Immediately before the workshop I very quickly looked in the index of a couple of academic yoga books, but did not find the word intention listed. This morning (the day after the workshop), with a bit more time, I checked a third reference, and still didn’t find it. So I asked Nina for the Sanskrit: sankalpa. Like many Sanskrit terms, it’s a compound word combining kalpa (= vow) and san (= connection to the highest truth). Sankalpa, then becomes a vow or commitment to support our highest truth. It refers to a statement that we draw upon to remind us of our true nature and to guide our choices. At a more mundane level, though, the index to Georg Feuerstein’s textbook The Yoga Tradition says “see conceptualization, volition”. These concepts (if I may) provide potent clues to making links between the many different interpretations of intention that we discussed. But back to the workshop.
As usual, after Nina gave a brief introduction to the topic, we each introduced ourselves and briefly outlined what our ideas of intention are, and what we thought we might get out of a workshop on it. And as always, the honesty, openness, sharing and vulnerability on display in this exercise was heart-warming. It’s so lovely to share these experiences with a group of like-minded, open-hearted yogis and yoginis.
There were fifteen participants in the workshop this month, including many regulars and lots of familiar faces, but also three who were at the Dance of Life for the first time, and one who was having his first ever yoga experience! Of the fifteen, only two or three professed to have much of an idea of what it would be about. But when they began to share, it was clear that everyone came with some ideas. These covered a broad range of possibilities, including:
• Intentions define things that you do and don’t do (or will and won’t do)
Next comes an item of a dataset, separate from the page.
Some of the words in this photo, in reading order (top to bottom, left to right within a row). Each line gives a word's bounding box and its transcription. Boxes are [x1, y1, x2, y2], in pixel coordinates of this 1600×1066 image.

• Intentions are like goals or judgments, which can cloud our experience
• Intentions are instinctive, arising from within; directing heart-driven action rather than coming from the thinking mind
• Intentions are discernments of what matters, overriding concepts
• Intentions are kind of like visualisations
• Intentions frame and focus our perceptions, affecting our experience of reality
• Intentions are broader than daily goals, acting as a sort of long term connecting principle [i.e., connecting our particular goals into a broader picture]
• Intentions are dynamic, changing in response to reflections on new experiences and new knowledge; the new folds back in to re-form the intentions
• Intentions are things that you stick with
• The road to hell is paved with good intentions – it’s the path, not the outcome that matters
• Intentions come up from within, in response to things that you’ve done, or new realisations about where you’ve been and what you’re doing. Hopefully they make you a better person.
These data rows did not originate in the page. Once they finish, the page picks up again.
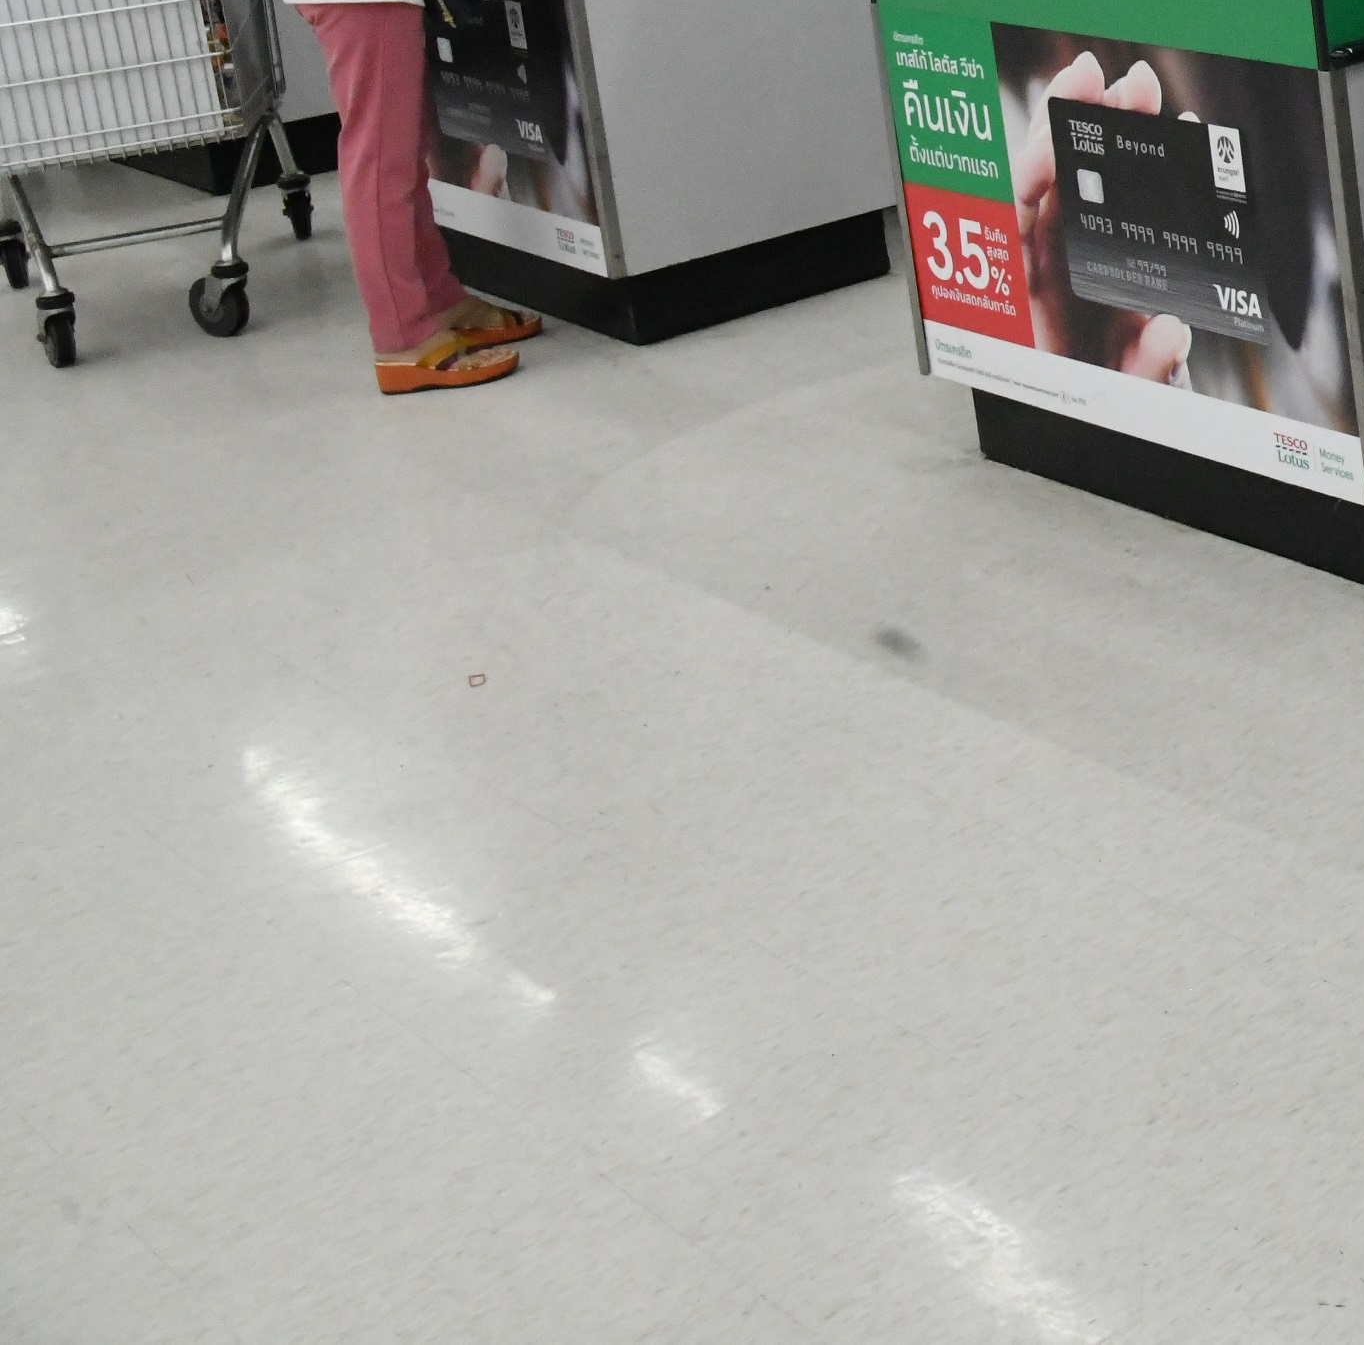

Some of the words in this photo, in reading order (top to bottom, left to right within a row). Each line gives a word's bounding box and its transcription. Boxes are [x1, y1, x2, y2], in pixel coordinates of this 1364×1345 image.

[896, 48, 928, 69] เทสโก้
[929, 52, 959, 75] โลตัส
[962, 57, 985, 80] วีซ่า
[902, 79, 992, 141] คืนเงิน
[515, 118, 544, 144] VISA
[1069, 119, 1103, 137] TESCO
[909, 135, 999, 179] ตั้งแต่บาทแรก
[1073, 137, 1105, 155] Lotus
[1116, 135, 1165, 157] Beyond
[984, 225, 1008, 245] รับคืน
[1080, 213, 1113, 235] 4093
[1121, 221, 1155, 244] 9999
[1163, 231, 1198, 254] 9999
[1207, 241, 1243, 264] 9999
[923, 210, 990, 290] 3.5
[986, 246, 1009, 264] สูงสุด
[931, 283, 1017, 316] คูปองเงินสดคลับการ์ด
[1213, 284, 1262, 319] VISA
[1274, 432, 1308, 451] TESCO
[1277, 449, 1310, 470] Lotus
[1319, 447, 1346, 465] Money
[1320, 460, 1355, 481] Services
• Intentions are not goals, but sacred concepts from the heart; it’s what really matters
• Intentions are a force or spirit that drives us to constantly change
As you can see, there are some recurring themes, and hopefully some connecting threads. The immediately ensuing conversation raised the idea that in many of these contexts it is a “doing word” – or a way of identifying, defining, and discerning the things that we will or feel we ought to do. This is how we use it when we refer to our “New Year’s resolutions”. And in this context, it is obvious that intentions can invoke fears – especially fear of failure.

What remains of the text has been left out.